Walls and Windows: The Secret to Indestructible Intimacy

Walls and Windows: The Secret to Indestructible Intimacy December 14, 2018

How does adultery happen? It begins in a variety of places—at church or at work, with a neighbor or with a friend— but it always starts with walls and windows.

This is what I mean: Anytime you are talking with a person of the opposite sex, and you start to veer into inappropriate conversational territory, what happens is that you open up a window with them. And every time you open up a window with someone of the opposite sex, you build a wall between you and your spouse.

So how do I define “inappropriate conversational territory”? It’s a husband talking with another woman about conflicts he is having with his wife. It’s a wife talking to another man about negative feelings she might be having about her husband. It’s telling someone other than your spouse that you are attracted to them.

Let me be very clear in saying those conversations are no one’s business but yours and your spouse’s. That is a line you do not cross. That’s a window you do not open.
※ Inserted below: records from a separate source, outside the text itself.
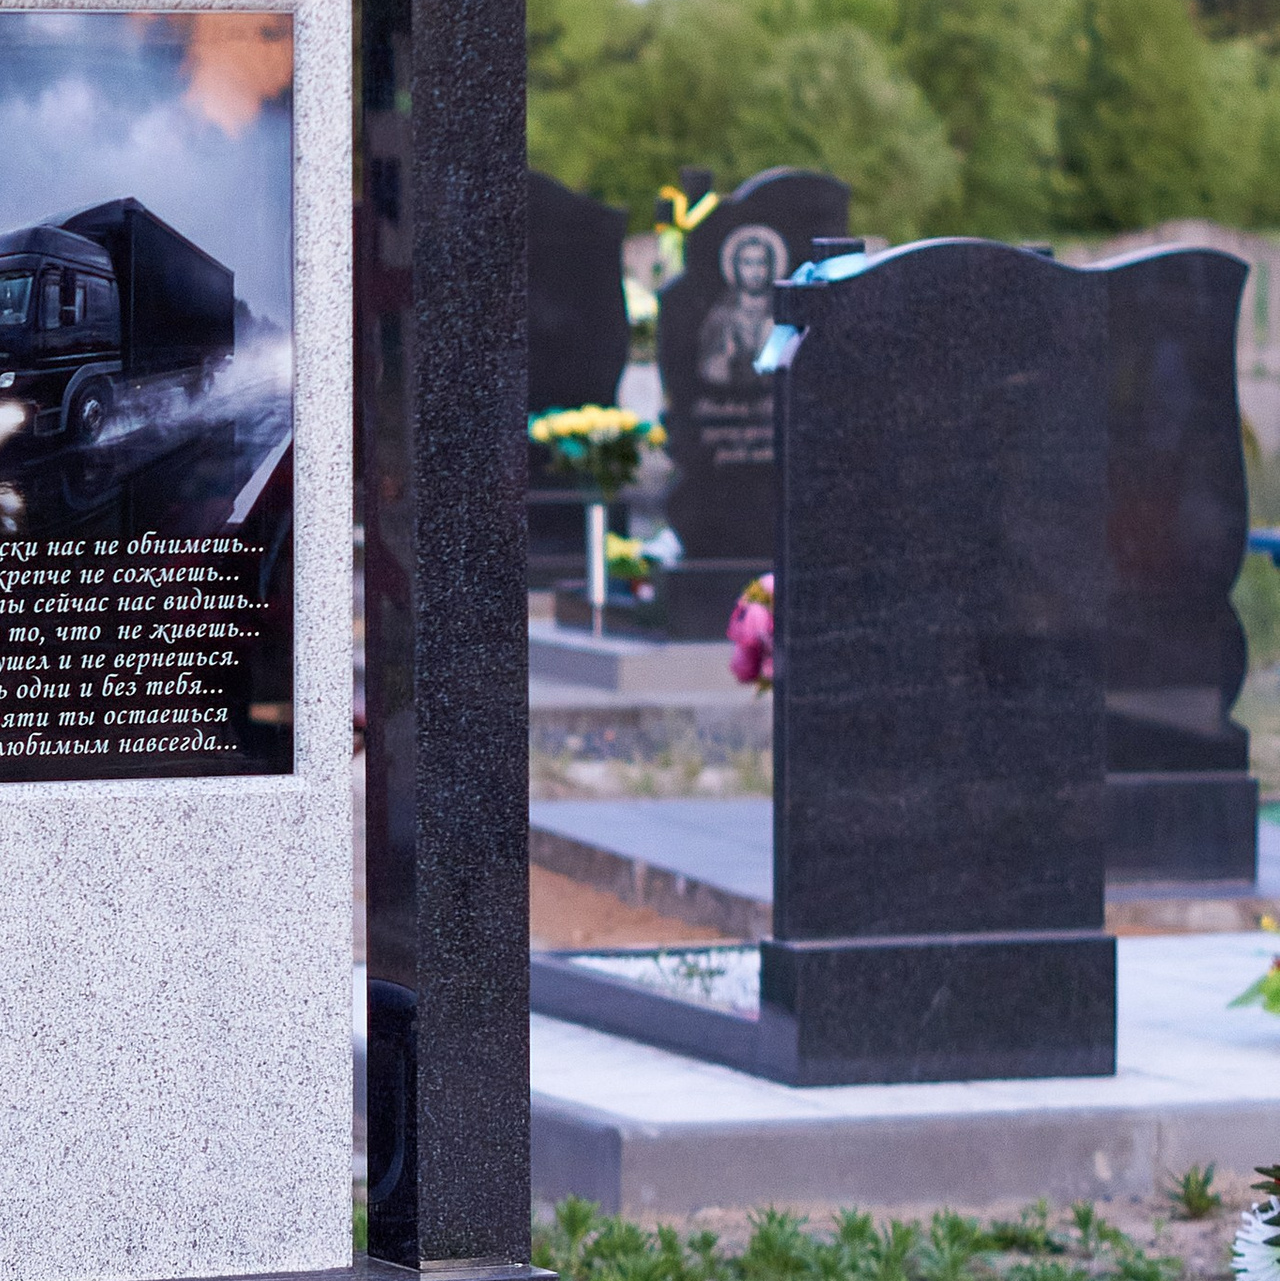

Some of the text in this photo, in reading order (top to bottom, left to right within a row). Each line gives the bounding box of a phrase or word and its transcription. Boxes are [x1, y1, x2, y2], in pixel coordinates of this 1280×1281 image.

[47, 540, 87, 557] нас
[94, 539, 120, 556] не
[126, 530, 264, 555] обнимешь...
[79, 568, 106, 585] не
[112, 566, 239, 589] сожмешь...
[33, 592, 110, 614] сейчас
[117, 595, 157, 612] нас
[163, 586, 269, 611] видишь...
[8, 626, 46, 646] то,
[55, 625, 102, 642] что
[117, 624, 143, 640] не
[148, 622, 260, 645] живешь...
[58, 654, 72, 670] и
[80, 653, 106, 669] не
[113, 650, 239, 676] вернешься.
[16, 675, 71, 699] одни
[79, 682, 93, 698] и
[101, 673, 137, 697] без
[145, 671, 223, 696] тебя...
[58, 711, 95, 727] ты
[103, 707, 229, 726] остаешься
[118, 727, 238, 754] навсегда...
If you do open that window, what usually happens is you end up going home and lying to your spouse about this relationship that is developing outside your marriage. Long before the physical adultery happens, a form of emotional adultery has already taken place. There might not be anything happening on the outside, but adultery has begun on the inside.
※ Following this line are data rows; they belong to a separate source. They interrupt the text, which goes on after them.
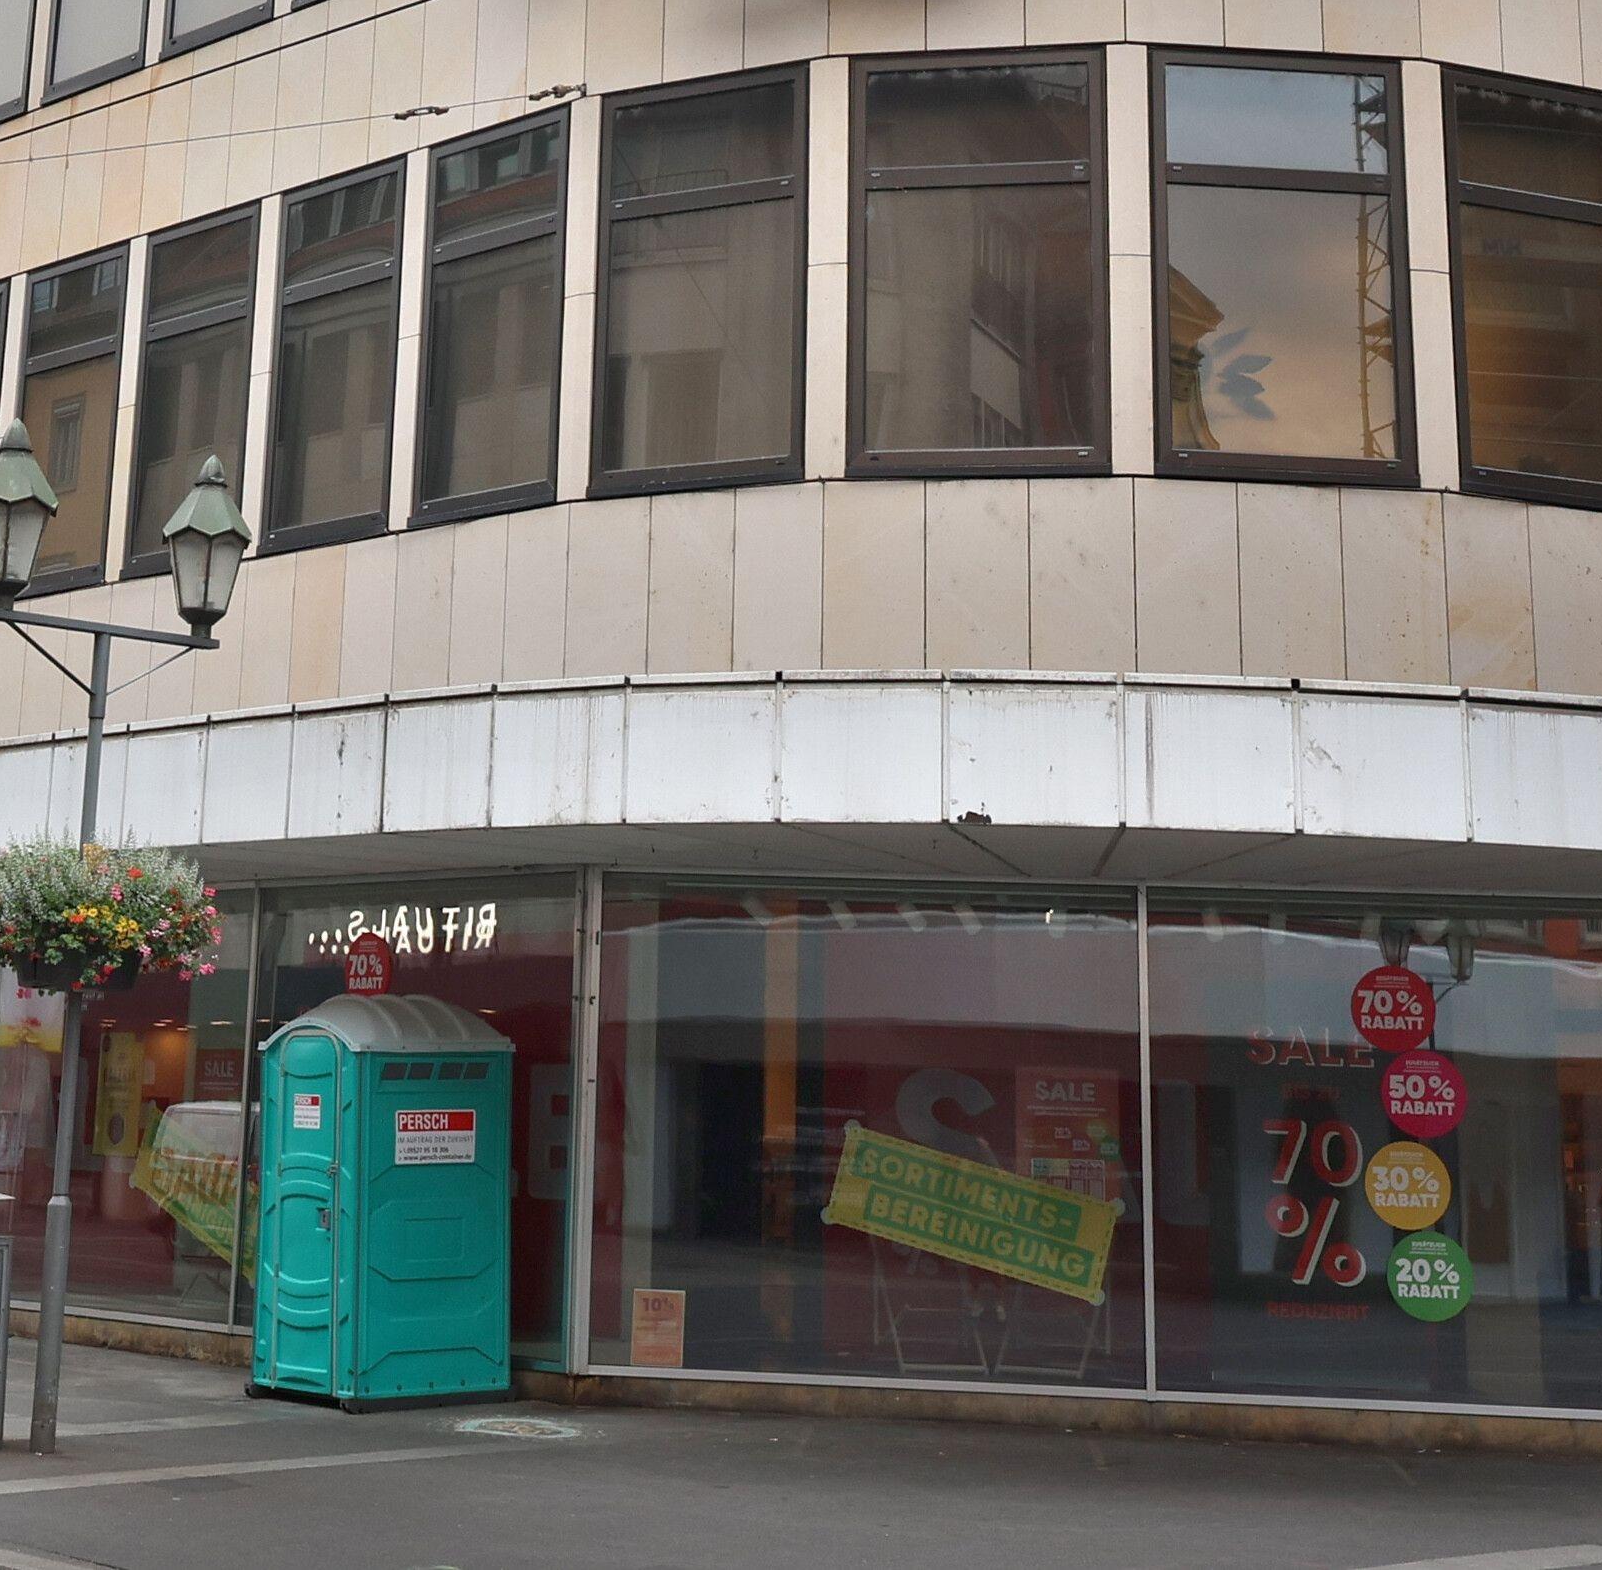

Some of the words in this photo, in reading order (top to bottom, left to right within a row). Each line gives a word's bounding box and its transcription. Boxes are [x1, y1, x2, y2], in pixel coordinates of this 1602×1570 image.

[349, 977, 383, 990] RABATT
[1360, 1015, 1425, 1031] RABATT
[1245, 1026, 1376, 1069] SALE
[204, 1060, 235, 1079] SALE
[1035, 1080, 1096, 1103] SALE
[1390, 1100, 1456, 1116] RABATT
[398, 1113, 449, 1131] PERSCH
[1261, 1118, 1364, 1188] 70
[859, 1148, 1075, 1230] SORTIMENTS-
[1374, 1192, 1440, 1208] RABATT
[870, 1192, 1087, 1278] BEREINIGUNG
[1265, 1192, 1368, 1289] %
[1396, 1282, 1461, 1299] RABATT
Proverbs 6:32 says “A man who commits adultery lacks judgment; whoever does so destroys himself.”

Not only are you destroying yourself, but you are destroying another person—your spouse—and you are destroying your marriage. If you have kids, you’re destroying your family.

Having good judgment means closing the door on adultery before it ever begins. It means, before a single brick has been laid, that you will not even start building a wall between you and your spouse.
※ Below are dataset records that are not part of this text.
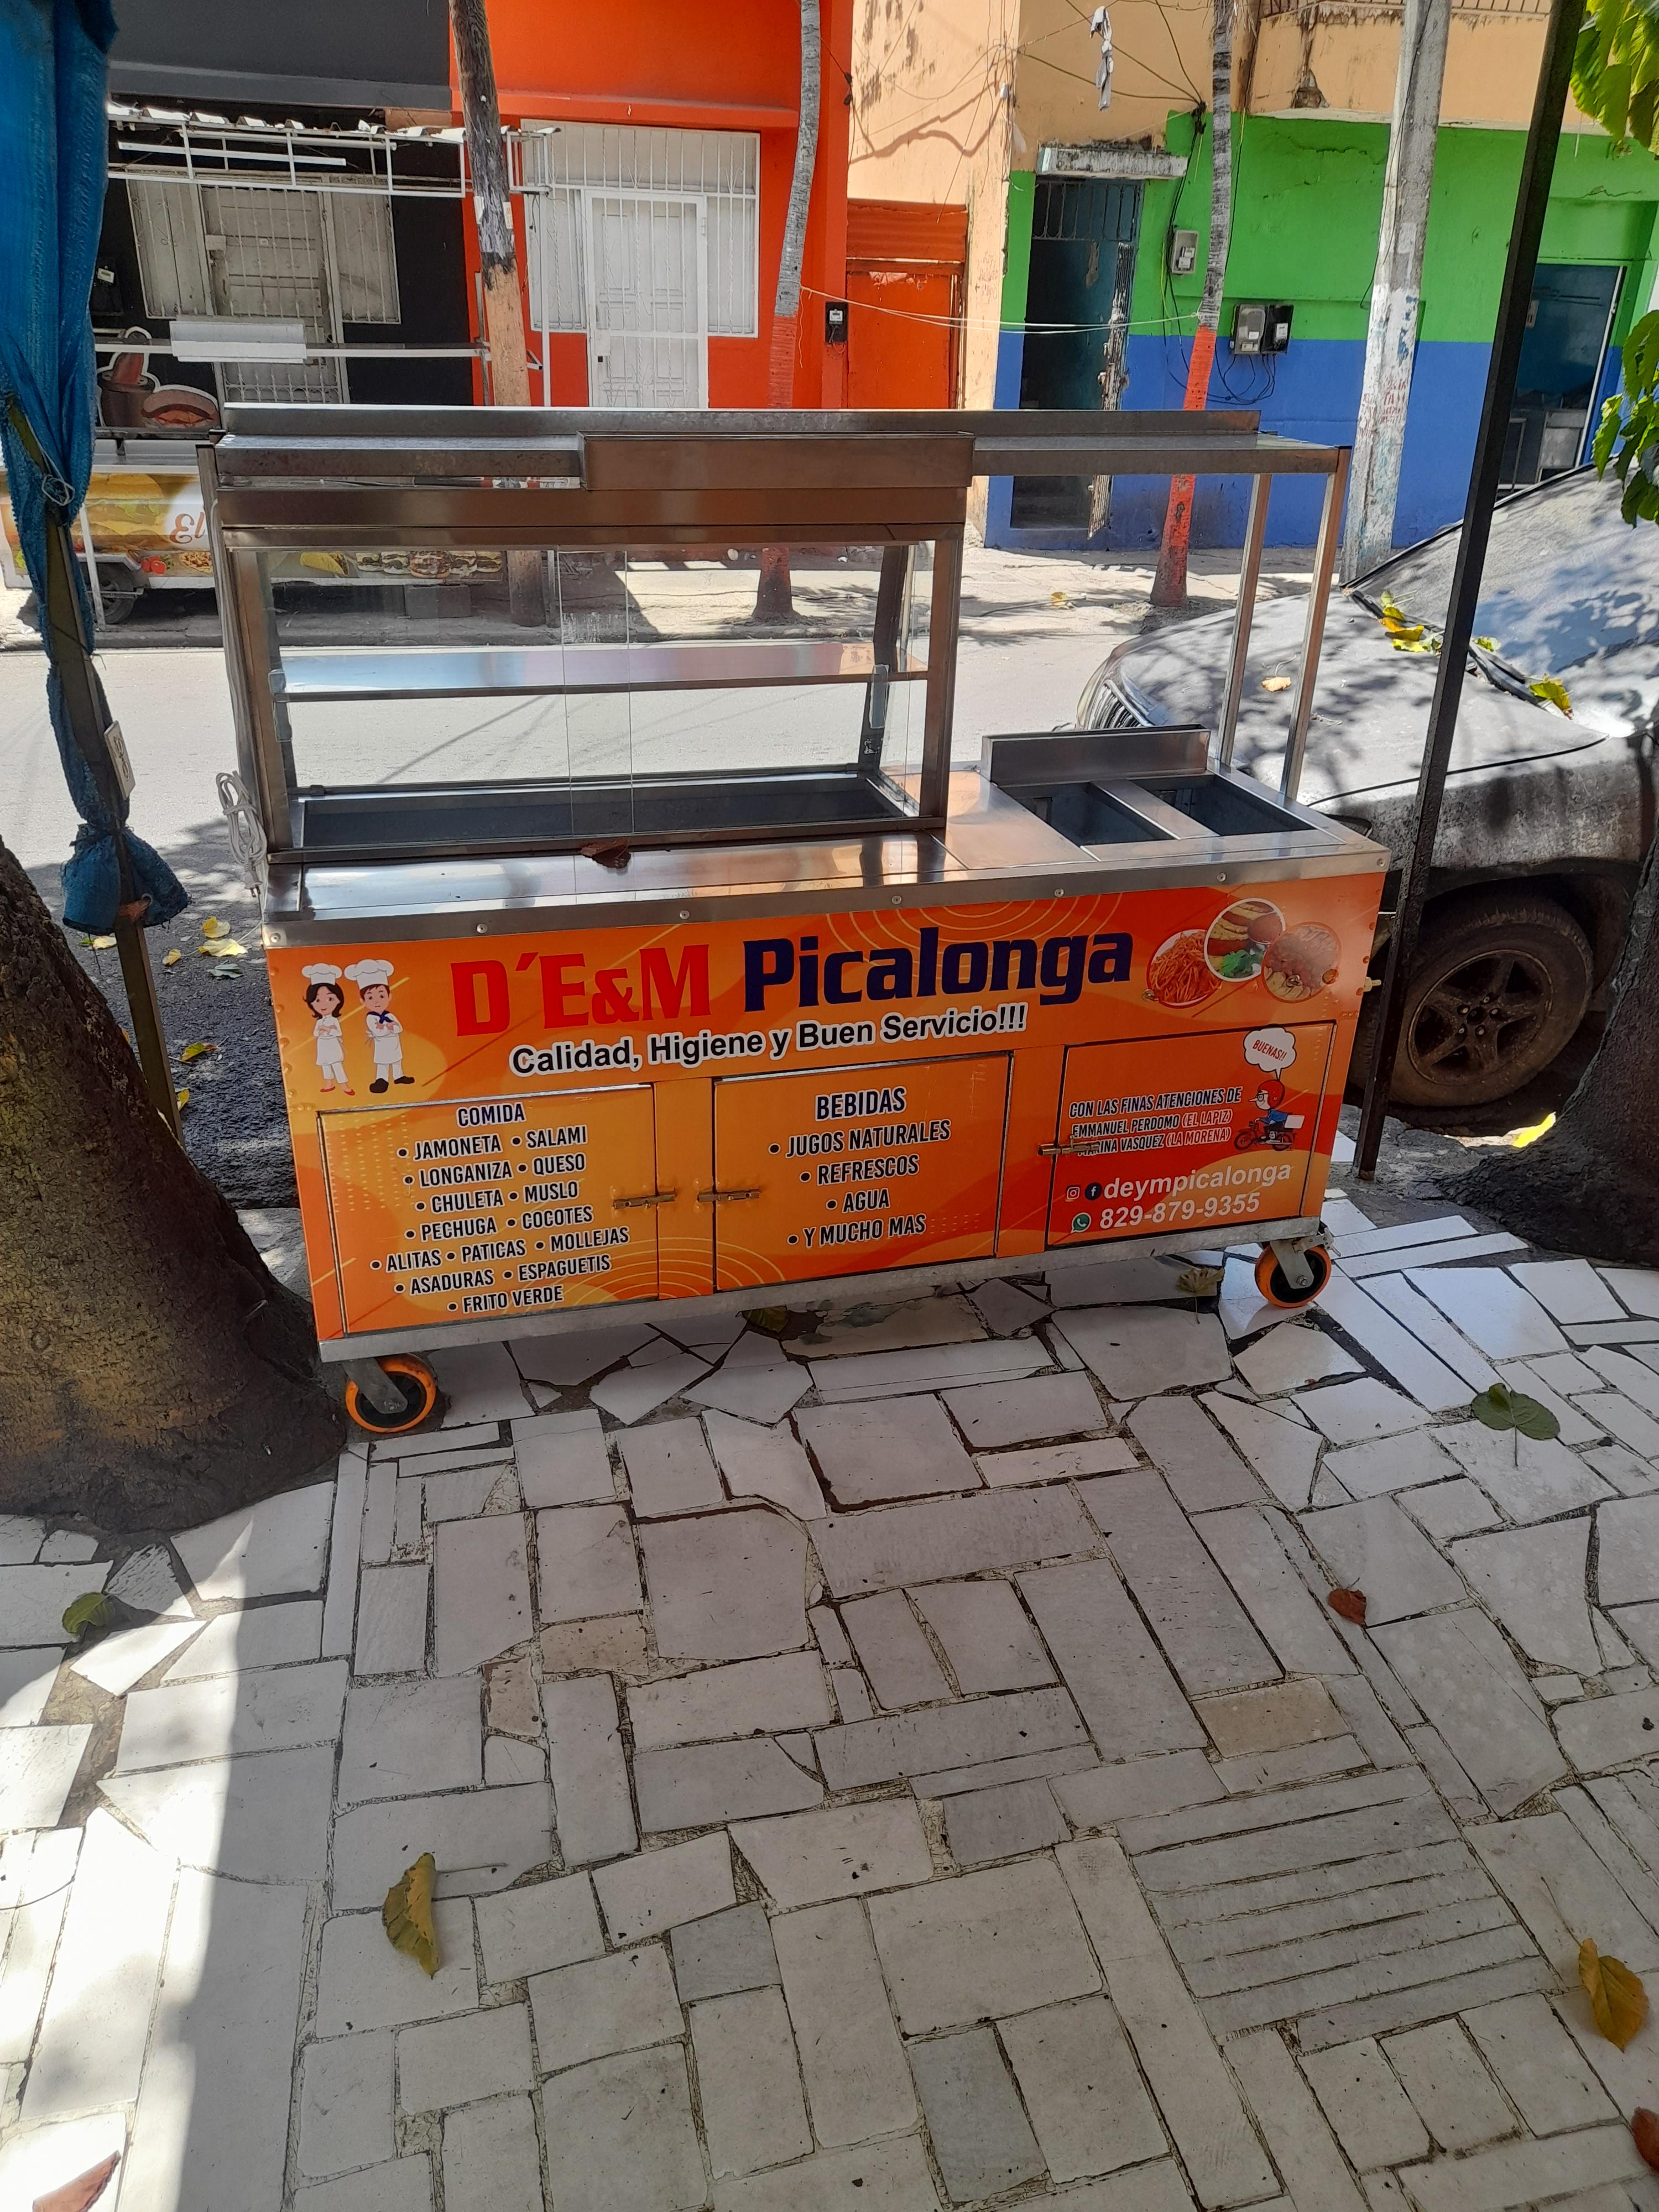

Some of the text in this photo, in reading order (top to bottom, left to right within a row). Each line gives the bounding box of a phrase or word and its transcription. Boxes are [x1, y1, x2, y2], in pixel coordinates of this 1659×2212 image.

[744, 927, 1133, 1012] Picalonga
[513, 1005, 1026, 1073] Calidad, Higiene y Buen Servicio!!!
[1252, 1039, 1287, 1061] BUENAS!!
[458, 1103, 525, 1126] COMIDA
[816, 1088, 905, 1120] BEBIDAS
[1070, 1087, 1242, 1118] CON LAS FINAS ATENCIONES DE
[786, 1120, 951, 1157] JUGOS NATURALES
[1072, 1109, 1233, 1138] EMMANUEL PERDOMO (EL LAPIZ)
[415, 1126, 587, 1160] JAMONETA SALAMI
[1120, 1134, 1164, 1152] VASQUEZ
[1166, 1132, 1182, 1147] (LA
[1185, 1128, 1232, 1145] MORENA)
[419, 1154, 585, 1187] LONGANIZA QUESO
[818, 1155, 919, 1185] REFRESCOS
[1104, 1164, 1292, 1201] deympicalonga
[431, 1181, 578, 1213] CHULETA MUSLO
[842, 1189, 890, 1212] AGUA
[1099, 1192, 1261, 1229] 829-879-9355
[421, 1206, 592, 1241] PECHUGA COCOTES
[804, 1214, 926, 1246] Y MUCHO MAS
[387, 1227, 629, 1271] ALITAS PATICAS MOLLEJAS
[411, 1255, 610, 1294] ASADURAS ESPAGUETIS
[463, 1285, 563, 1313] FRITO VERDE
How can you do this? First, decide to protect the priority of your marriage. Other than your relationship with God, it comes above everything else.

Second, save intimacy for your spouse and no one else. This means keeping your marriage confidential. Do not take the private things reserved for your spouse—feelings of attraction, complaints or conflicts, any intimate marital details—and share them with someone else.

Those things belong to you and your spouse only.